De a poco Marina siente que va mejorando la visión y se ilusiona con la llegada de su bebé, a quien le piensa dedicar todo su tiempo. Lo peor, lo que jamás alguien esperaría, ya pasó. Nadie quiere estar embarazada y que le digan que tiene un tumor, reconoce. “Pero por suerte todo salió bien”, resume con una sonrisa escondida detrás de su barbijo.
En la base del cerebro
Un adenoma hipofisario es un tumor localizado en la hipófisis, una glándula de pequeño tamaño que está situada en la base del cerebro y que produce una gran cantidad de hormonas que ayudan a regular funciones importantes, como el crecimiento, la presión arterial y la reproducción.
El jefe de Servicio de Neurocirugía del Padilla, Álvaro Campero, contó que el tumor que presentaba Marina, en el contexto de su embarazo, probablemente había crecido de golpe y eso generó el déficit severísimo de la visión, de un ojo prácticamente ciego y del otro casi sin ver, según describió.
“Estábamos ante una urgencia, pero también teníamos que ser cautos a la hora de indicar un procedimiento en una paciente embarazada porque hay riesgos, y en este caso riesgo por dos: la mamá y el bebé.
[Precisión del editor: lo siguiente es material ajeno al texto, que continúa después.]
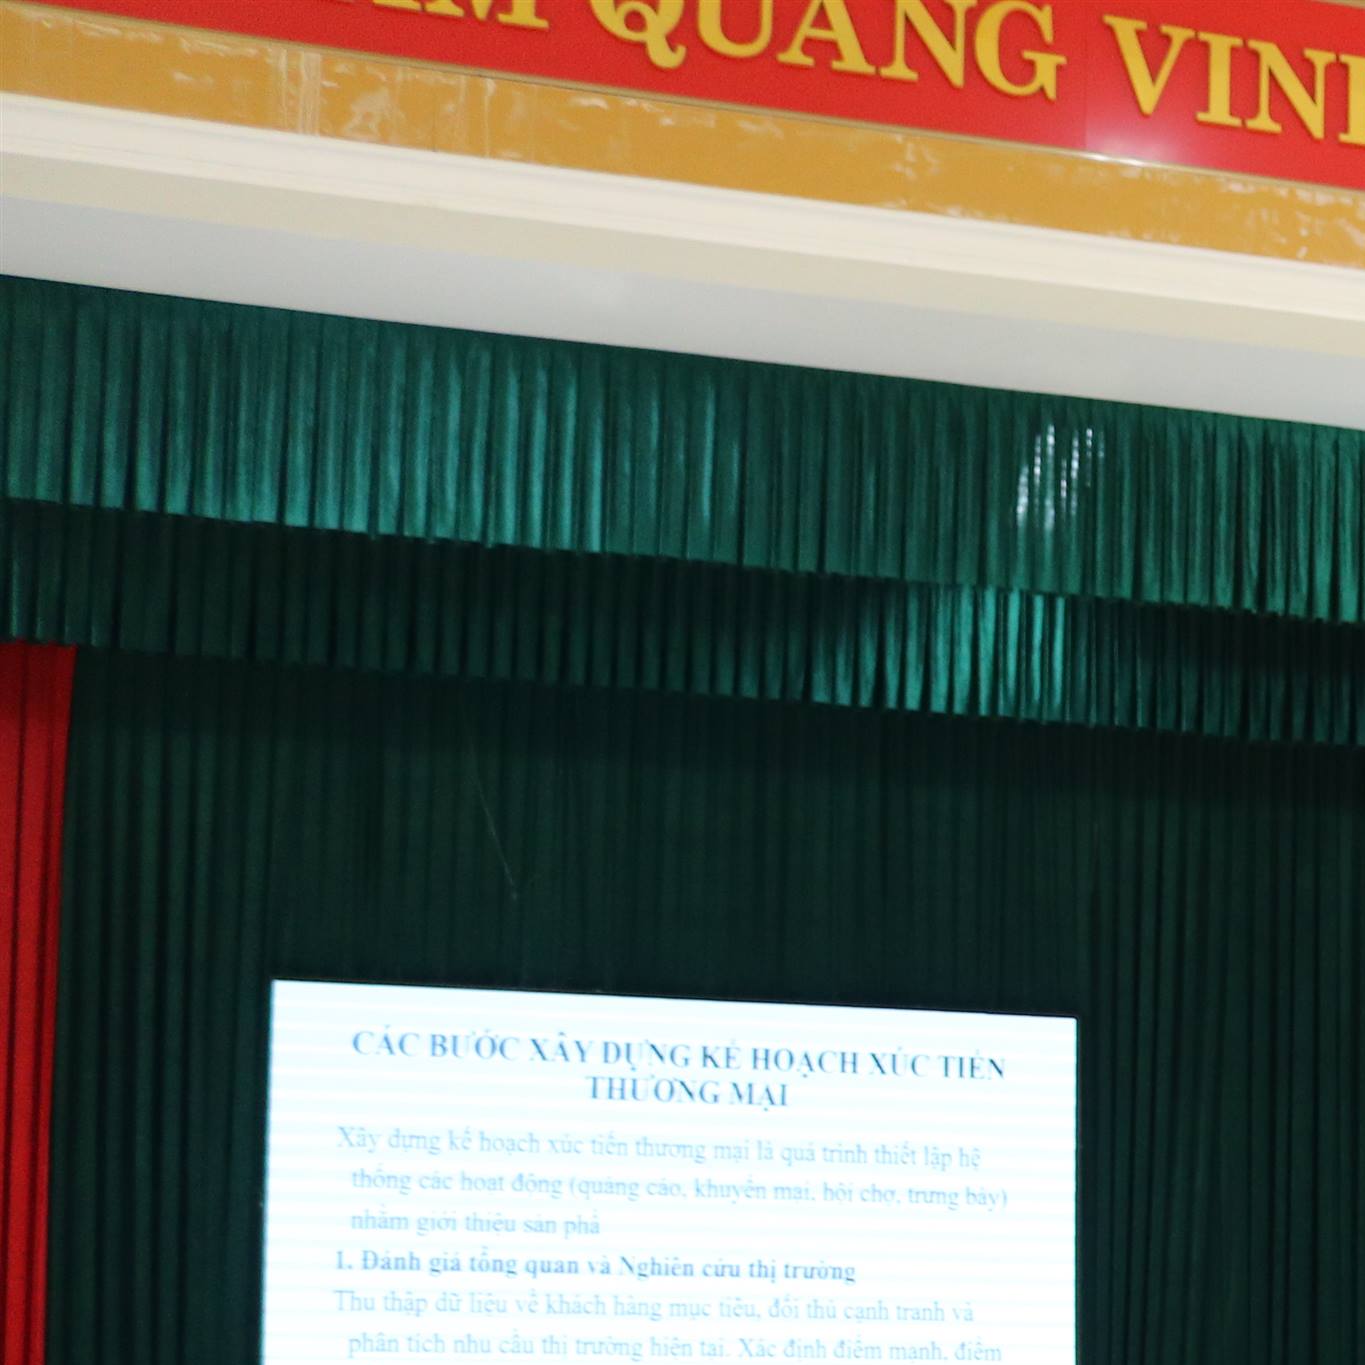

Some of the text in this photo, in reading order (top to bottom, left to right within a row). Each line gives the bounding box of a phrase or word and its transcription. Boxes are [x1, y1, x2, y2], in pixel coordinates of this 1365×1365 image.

[588, 0, 1068, 101] QUANG
[352, 1024, 1006, 1080] CÁC BƯỚC XÂY DỰNG KẾ HOẠCH XÚC TIẾN
[585, 1073, 789, 1112] THƯƠNG MẠI
[336, 1125, 386, 1153] Xây
[388, 1128, 440, 1155] dựng
[448, 1125, 473, 1151] kế
[479, 1130, 540, 1156] hoạch
[548, 1134, 584, 1155] xúc
[636, 1136, 705, 1164] thương
[757, 1139, 773, 1161] là
[780, 1142, 815, 1167] quá
[822, 1143, 867, 1164] trình
[924, 1145, 952, 1172] lập
[959, 1146, 982, 1169] hệ
[418, 1170, 452, 1191] các
[335, 1250, 352, 1271] 1.
[362, 1249, 420, 1271] Đánh
[429, 1253, 461, 1277] giá
[470, 1245, 517, 1276] tổng
[524, 1257, 579, 1278] quan
[587, 1255, 610, 1276] và
[618, 1255, 693, 1281] Nghiên
[748, 1258, 776, 1284] thị
[784, 1257, 856, 1285] trường
[333, 1289, 375, 1313] Thu
[546, 1293, 606, 1316] khách
[896, 1300, 944, 1322] tranh
[454, 1334, 491, 1354] nhu
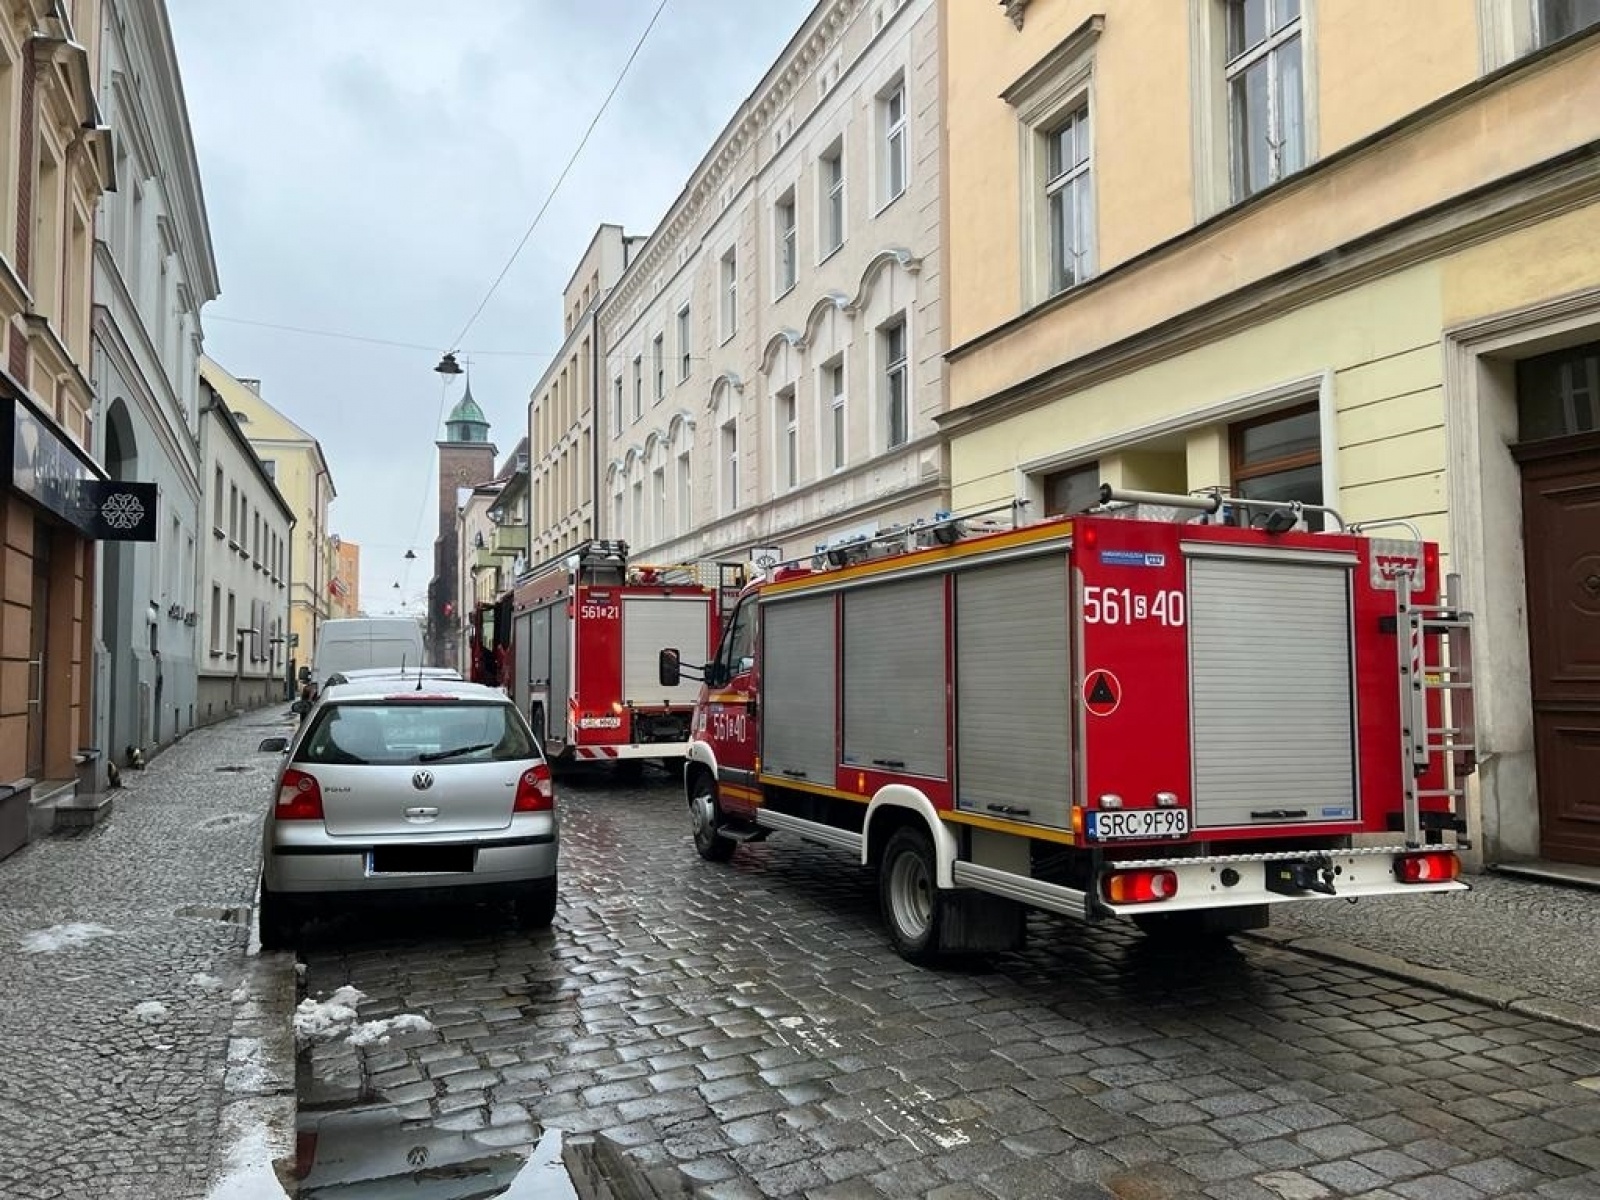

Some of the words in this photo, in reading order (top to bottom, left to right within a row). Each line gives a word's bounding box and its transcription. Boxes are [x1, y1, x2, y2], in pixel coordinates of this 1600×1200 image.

[1084, 586, 1131, 625] 561
[1151, 590, 1184, 626] 40
[1099, 813, 1137, 835] SRC
[1143, 811, 1185, 833] 9F98
Operar era la única opción, ya que el tumor era enorme y sin la cirugía seguramente quedaba ciega y eso iba a ser irreversible. Era una situación extrema”, apuntó Campero.
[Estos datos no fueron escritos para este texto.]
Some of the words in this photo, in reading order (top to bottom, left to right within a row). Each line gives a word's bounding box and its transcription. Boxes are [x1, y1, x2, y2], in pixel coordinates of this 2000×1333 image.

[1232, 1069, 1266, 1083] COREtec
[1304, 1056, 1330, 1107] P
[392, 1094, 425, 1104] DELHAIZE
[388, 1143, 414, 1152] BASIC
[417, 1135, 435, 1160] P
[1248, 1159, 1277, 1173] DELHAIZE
Para llevar adelante la cirugía tuvieron que armar una logística importante. Debió intervenir un equipo interdisciplinario que incluyó, además de los neurólogos, personal de anestesia, de terapia intensiva, de endocrinología y el equipo de ginecología y obstetricia, para hacer un procedimiento lo más seguro posible para la mamá y el bebé.
La cirugía se hizo por endoscopía, a través de la nariz, por donde se logró resecar el tumor y disminuir la presión sobre la vía visual, especificó el médico. “La paciente evolucionó muy bien y empezó a mejorar la visión luego de la intervención. El bebé estuvo bien; para no ponerlo en riesgo se lo monitoreó antes, durante y después de la cirugía”, relató el especialista, quien ponderó que una cirugía de esta envergadura se haya llevado adelante en un hospital público.
El procedimiento que dirigió Campero y estuvo supervisado por el director del hospital, Jorge Valdecantos, tuvo la participación de los residentes Liezel Ulloque, Ricardo Rua, Giovanna Mazziotti y Cristian Villagra. También intervinieron las doctoras Adriana Álvarez y Adela Carabajal, del servicio de ginecología; Mariela Luna y Nicole Lemaitre, de la unidad de patología Glandular, y Mariela Luna, del servicio de Endocrinología. Además, participaron Cecilia Lencina y Damián Sarco, del servicio de Instrumentación Quirúrgica; Fernanda Heredia y Nicolas Silvay, del servicio de Anestesia; y Miriam Marcial y Jorge Ramaciotti, pertenecientes al servicio de Terapia Intensiva.